[[ Entries provided, beginning ]]

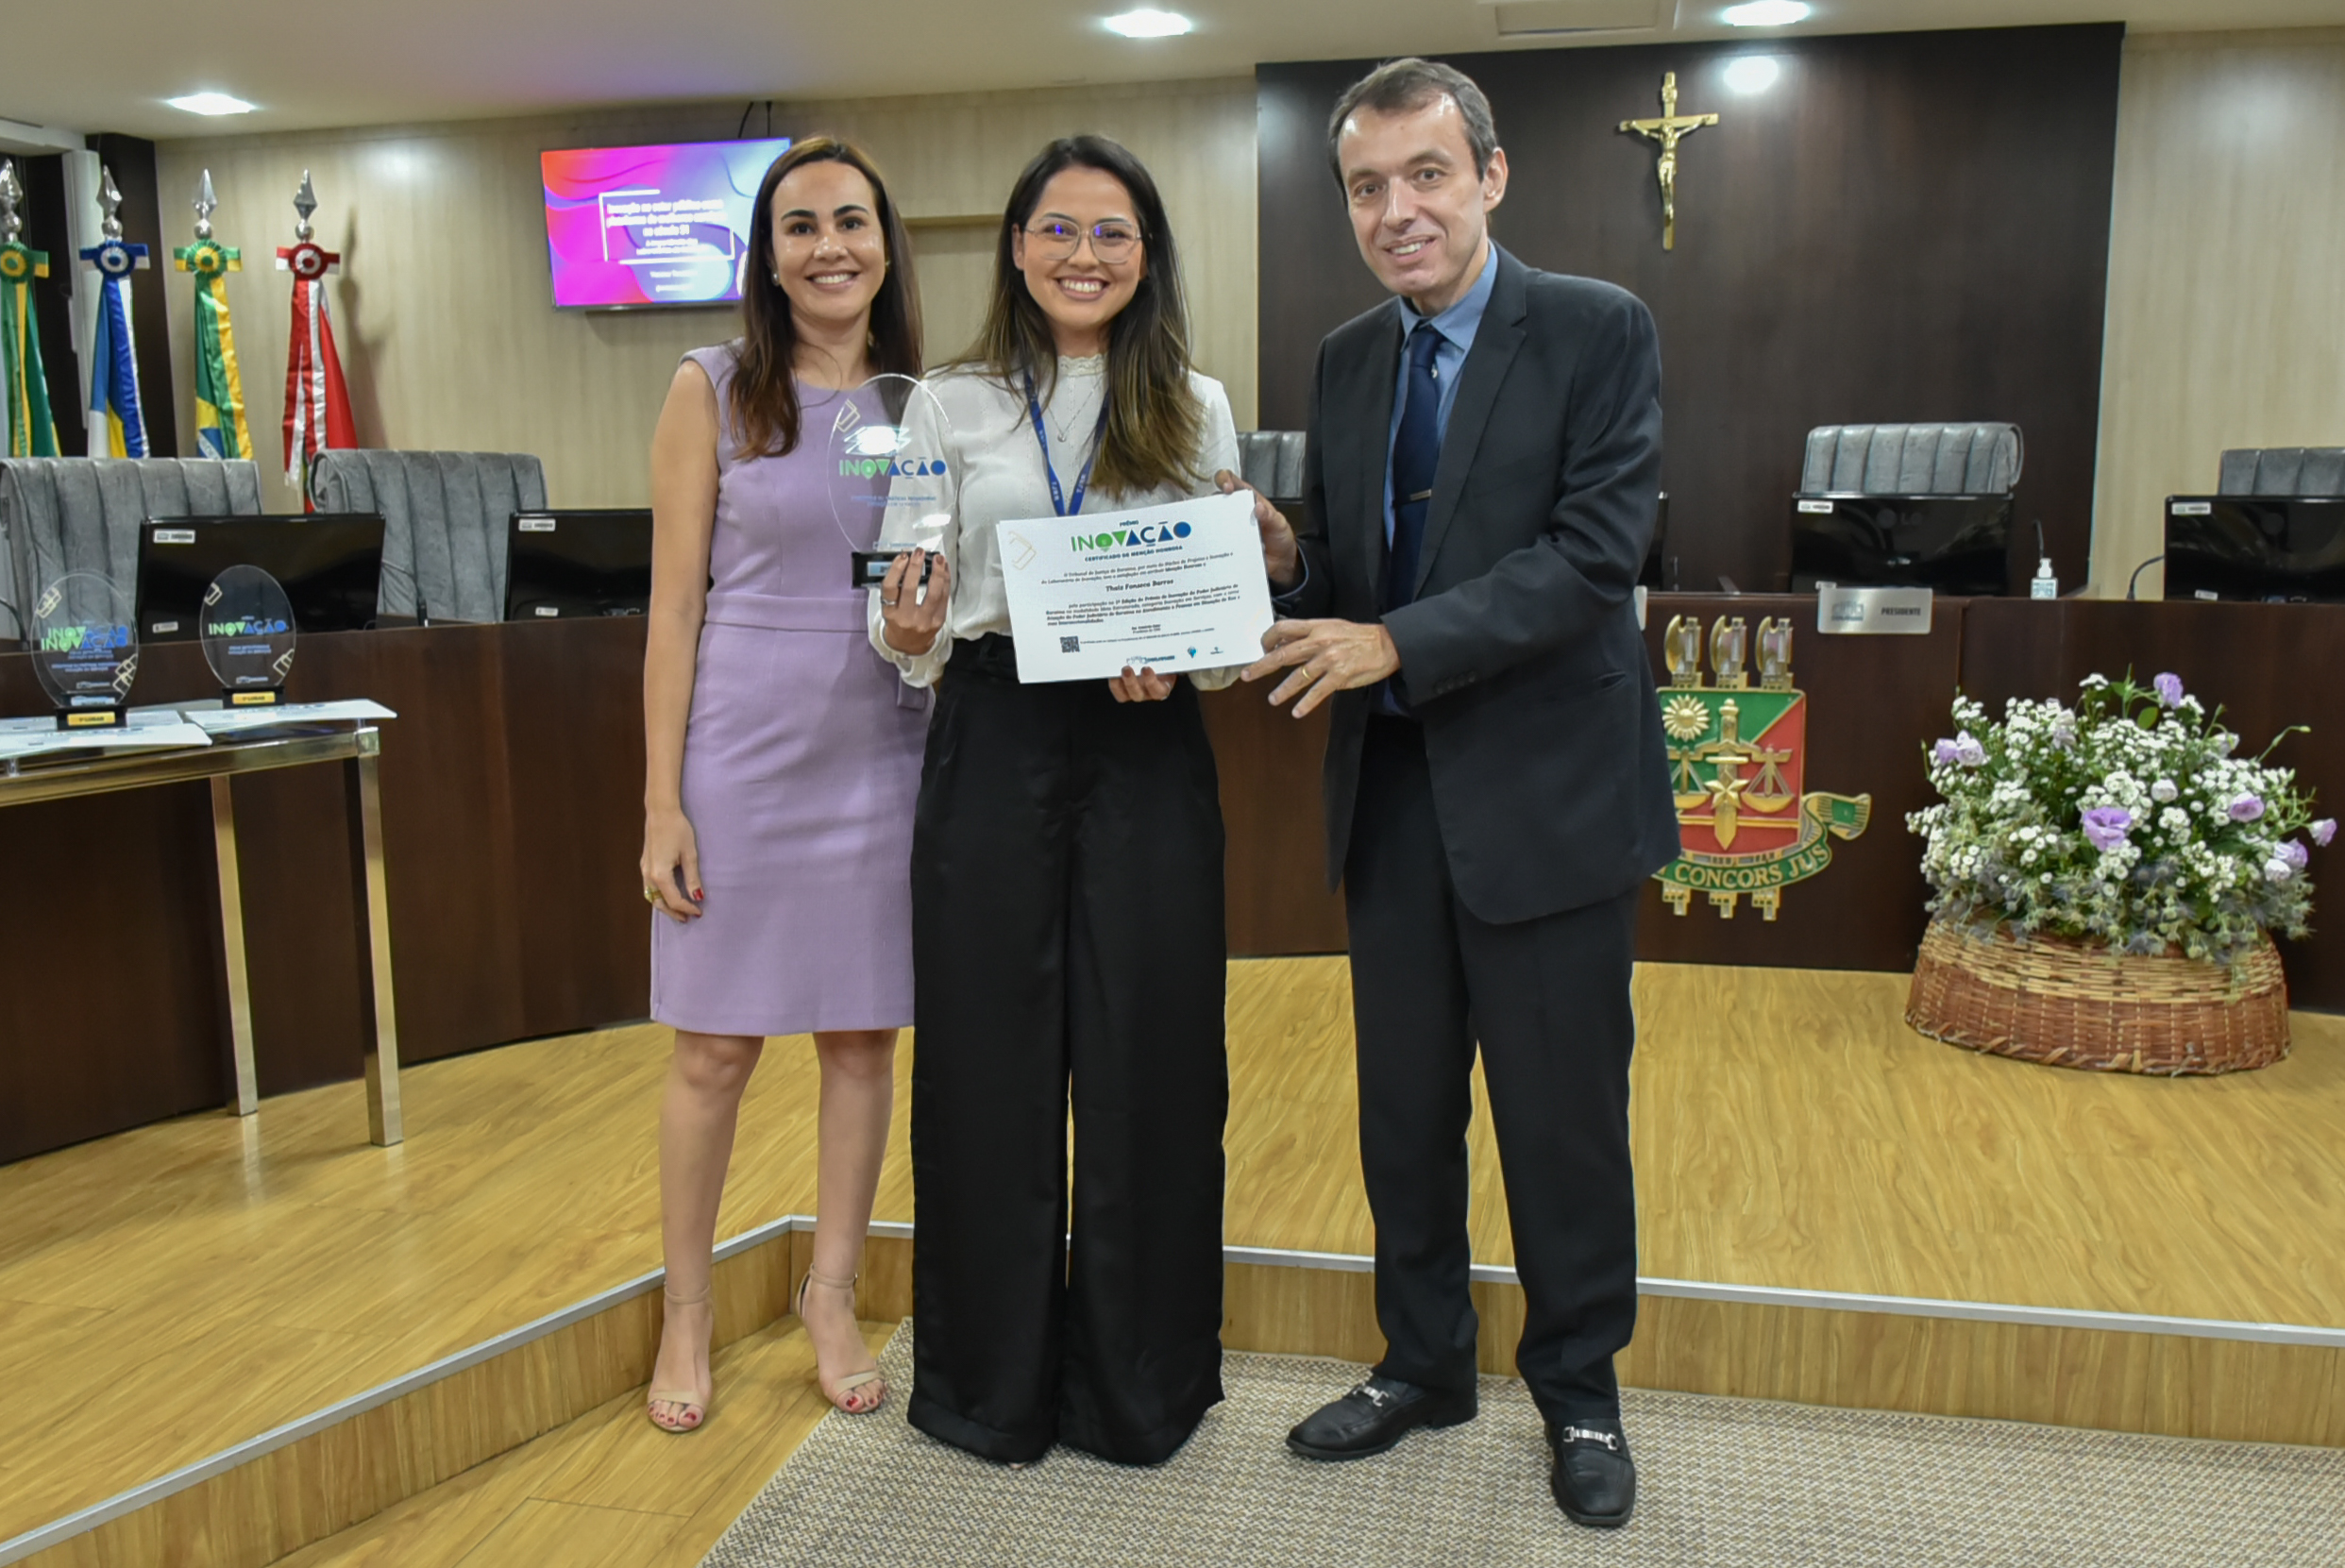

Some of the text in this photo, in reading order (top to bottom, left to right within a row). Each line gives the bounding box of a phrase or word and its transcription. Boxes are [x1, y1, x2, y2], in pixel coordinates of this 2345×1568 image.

[839, 457, 947, 480] INOVAÇÃO
[1071, 521, 1191, 552] INOVAÇÃO
[1124, 581, 1150, 589] Fonseca
[1152, 578, 1173, 586] Barros
[209, 618, 286, 636] INOVAÇÃO
[1675, 844, 1829, 888] CONCORS JUS

[[ Entries provided, end ]]

• _Aim of the task_
When you set down the records above, copy every line exactly and exclude the pictures.

• _Answer for the task_
Some of the text in this photo, in reading order (top to bottom, left to right within a row). Each line gives the bounding box of a phrase or word and its transcription. Boxes are [x1, y1, x2, y2], in pixel coordinates of this 2345×1568 image.

[839, 457, 947, 480] INOVAÇÃO
[1071, 521, 1191, 552] INOVAÇÃO
[1124, 581, 1150, 589] Fonseca
[1152, 578, 1173, 586] Barros
[209, 618, 286, 636] INOVAÇÃO
[1675, 844, 1829, 888] CONCORS JUS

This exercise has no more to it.